Thursday, October 14, 2021

Moroccan Chicken with Couscous: Chicken Tagine

A "tagine" is a type of North African pottery dish used for cooking stews. The name of this cooking dish has given its name to the stews cooked in such a dish, and besides chicken, these stews may have lamb, beef, fish or vegetables as the main ingredient. In Tunisia, recipes generally are not stews, but rather much more of a type of omelette, like a frittata. Tagine cooking dishes are often, but not always, glazed and decorated with designs, some of which can be quite colorful. The basic dish is a shallow flat bottom dish, but there is a sort of domed top for the tagine. You needn't run out and buy a tagine for this recipe, as you can just use a heavy bottom pan (preferably with a lid, but you can use foil) and large enough to hold the contents.

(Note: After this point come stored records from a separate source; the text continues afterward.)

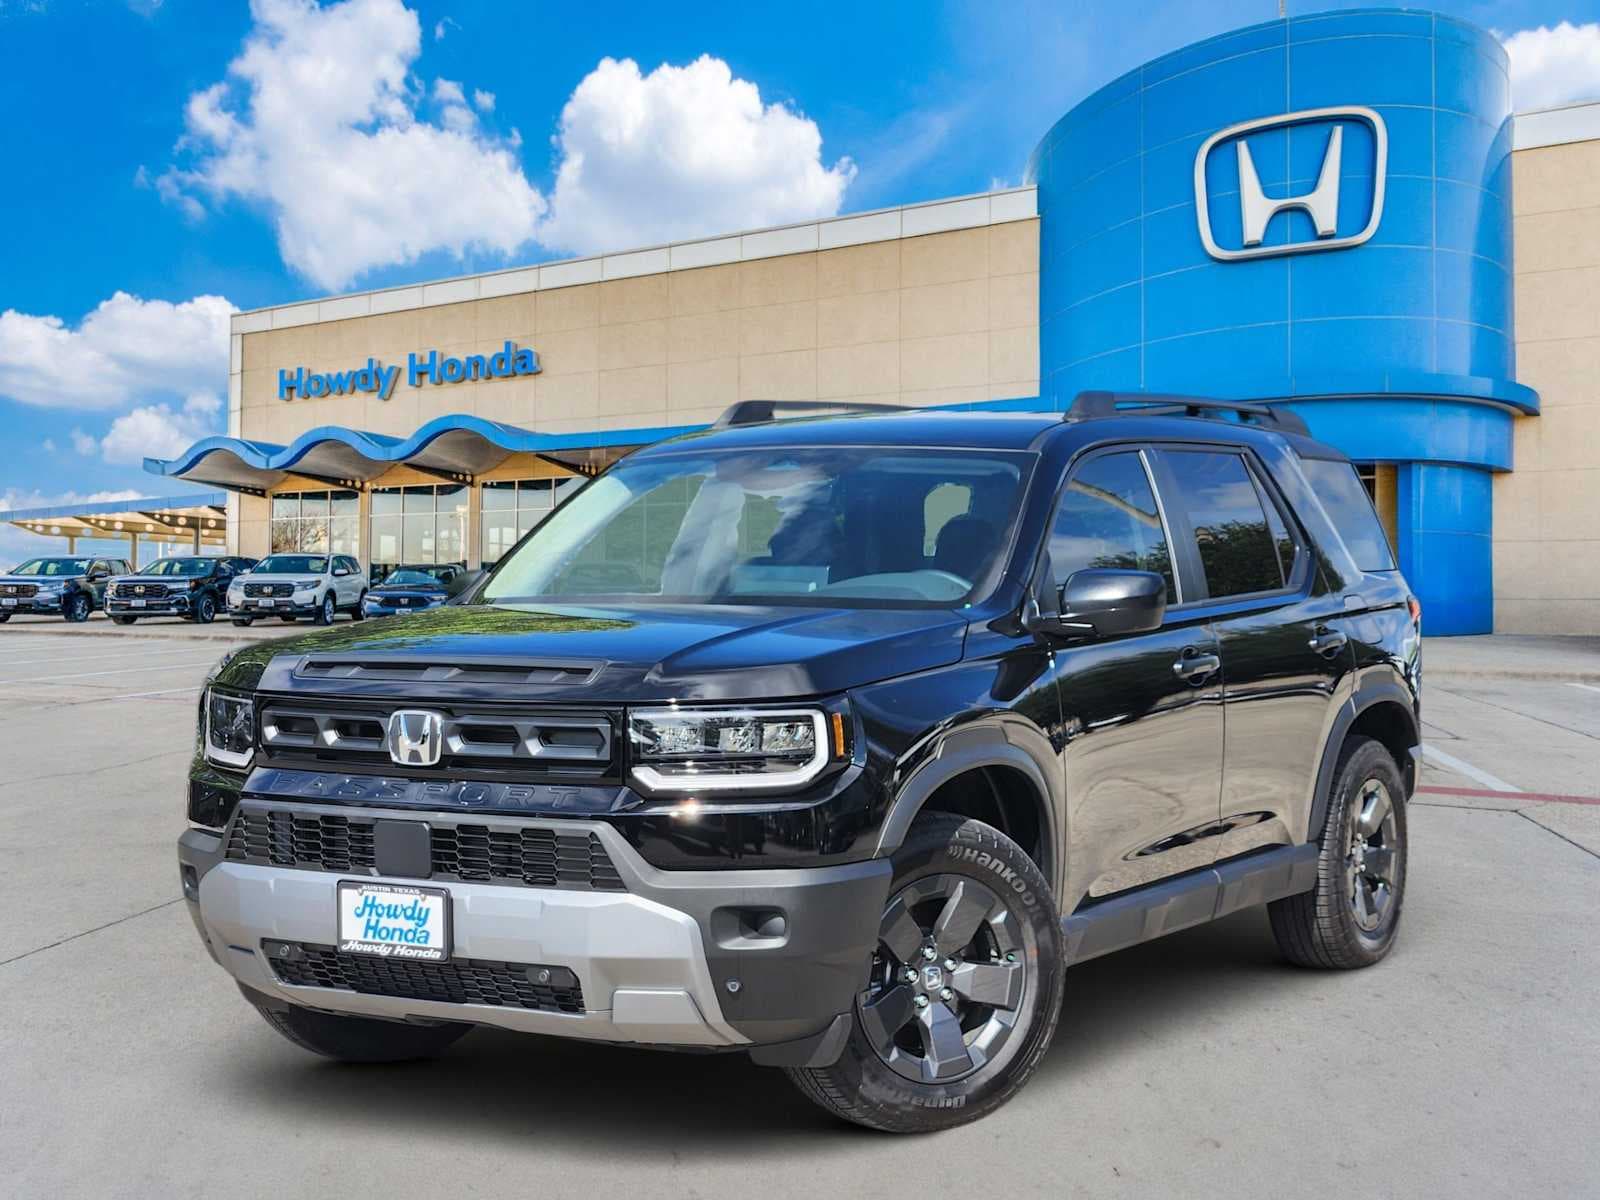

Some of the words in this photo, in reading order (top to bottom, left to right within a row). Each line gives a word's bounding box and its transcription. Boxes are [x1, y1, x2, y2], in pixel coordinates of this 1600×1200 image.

[278, 358, 401, 400] Howdy
[408, 340, 542, 387] Honda
[269, 772, 583, 808] PASSPORT
[362, 885, 391, 893] AUSTIN
[393, 887, 420, 895] TEXAS
[355, 895, 430, 927] Howdy
[364, 918, 429, 944] Honda
[342, 941, 392, 955] Howdy
[394, 946, 441, 959] Honda
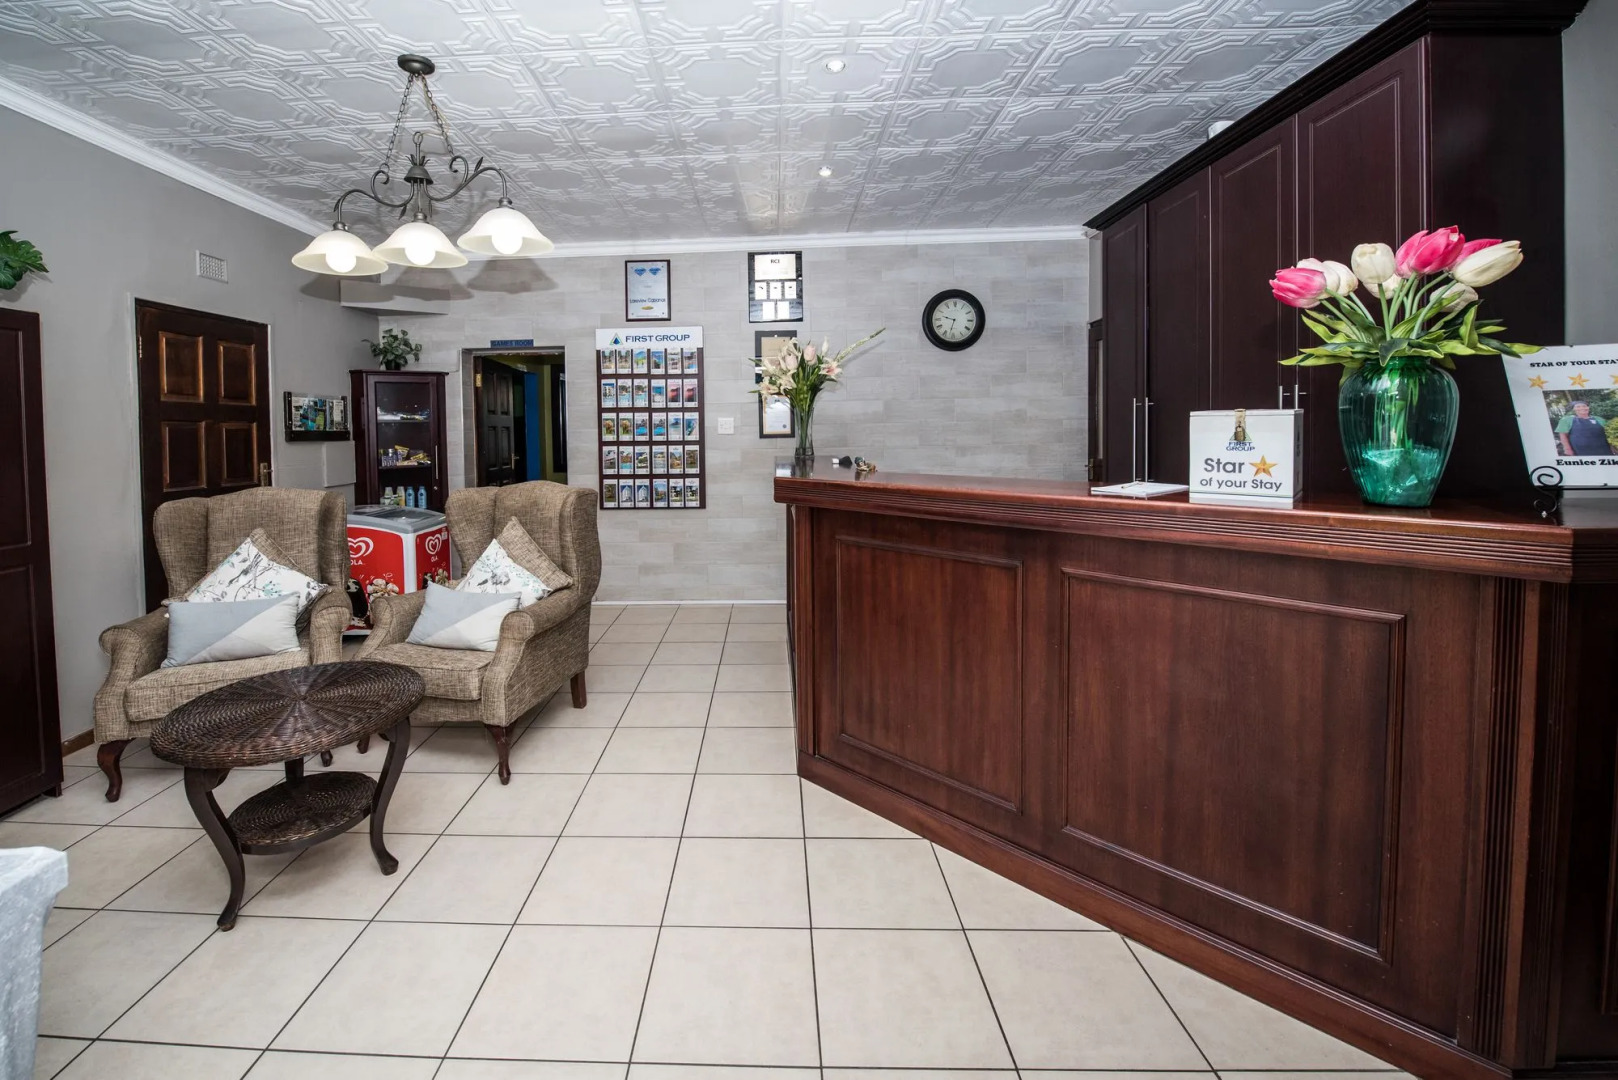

Most recipes I've seen for this dish use boneless, skinless chicken, although I have seen a few recipes that use cut up skin on, on the bone chicken pieces. Skin on chicken has more flavor, but when a recipe uses boneless and skinless chicken, I often use that, BUT I also buy a bone-in, skin-on piece of chicken or two and cook it with the dish, then remove it at the end of cooking. 
 
This chicken tagine is usually served with Moroccan couscous, a type of pasta made with semolina flour. In Morocco the couscous is of very small grains of pasta, and it is smaller than the couscous of the Middle East, Israeli and Lebanese, which are larger and take longer to cook. Harissa is a paste of hot chili peppers usually seasoned with some spices. Both harissa and preserved lemons are often available in supermarkets, in spice shops and certainly in many Middle Eastern grocery stores. You can substitute some freshly grated lemon peel or strips of lemon peel for the preserved lemon, and you can add some cayenne pepper, sambal oelek (an Indonesian sauce of chopped chili peppers, also made in the United States), or any hot sauce to your liking, or you can just add an extra 1 or 2 fresh hot chilies as a substitute for the harissa.    

Ingredients:

1 pound boneless, skinless chicken (chicken breast or thighs, or mixture of the two)
1 whole skin on/bone in chicken thigh
1 whole skin on/bones in chicken wing
2 tablespoons olive oil
1/2 cup chopped onion
2 cloves garlic, minced
2 inch piece ginger, grated, finely chopped, or thinly sliced
1 cup of either butternut squash, acorn squash, pumpkin or peeled sweet potato, diced
2 teaspoons ground cumin
1 teaspoon ground turmeric
1 two inch cinnamon stick
2 teaspoons ground coriander
1 or 2 whole chili peppers, slit cut in it/them
1 tablespoon harissa
1/2 cup raisins
1 1/2 tablespoons honey
1 2/3 cups chicken stock
1 14 to 16 ounce can chickpeas, drained (also known as garbanzo beans)
1/4 cup slivered almonds
1 small preserved lemon (or 1/2 regular sized preserved lemon)
1/4 cup pitted green olives, halved

Heat the olive oil over medium heat in a heavy bottom pan. Saute the onion, garlic and ginger for just like 2 minutes, then add the chicken pieces, including the whole pieces, cumin, turmeric, cinnamon stick, ground coriander, chili pepper, harissa, preserved lemon and chicken stock, cover and cook 20 minutes, then add the squash or sweet potato, honey and raisins; reduce heat to low, cover and cook for one hour. Add the slivered almonds and chickpeas, cook another 20 minutes, then stir in the green olive halves, and cook for two minutes. Check to be sure the chicken is done (it should be).
 
For the Couscous:
1 1/2 cups Moroccan couscous
1 2/3 cups chicken broth
2 tablespoons butter
1 teaspoon extra virgin olive oil 
(optional) 1/2 teaspoon salt
 
Bring the chicken broth to a boil in a sauce pan (with a lid). Add the butter, olive oil and salt (if using). Add the couscous and stir very well to mix. Let cook like 30 or 40 seconds, then shut off the heat and cover the pan with a lid for about 5 to 6 minutes. The broth should be completely absorbed. Fluff the couscous with a fork. 
 

  

WORD HISTORY:
Mattress-This word goes back to the transliterated Arabic root "tarh/trh," which had the notion of "throw, throw or toss away." This gave Arabic the verb "taraha," meaning, "to throw down, to throw away," which produced the noun "matrah" (the "ma" part was a noun forming prefix), which literally meant "the object thrown down," and which was used as "al matrah" for "the cushion or rug thrown onto the floor or ground to lie on." This was borrowed by Italian (via trade with North Africans in the early Middle Ages?) as "materasso," which was borrowed by French as "materas," and additionally reinforced directly by Arabic? English borrowed the word in around 1300 from French, initially in the French form "materas," but what became the modern spelling seems to have then been influenced by the Italian form. Of course too, modern mattresses are often made with springs and various padding.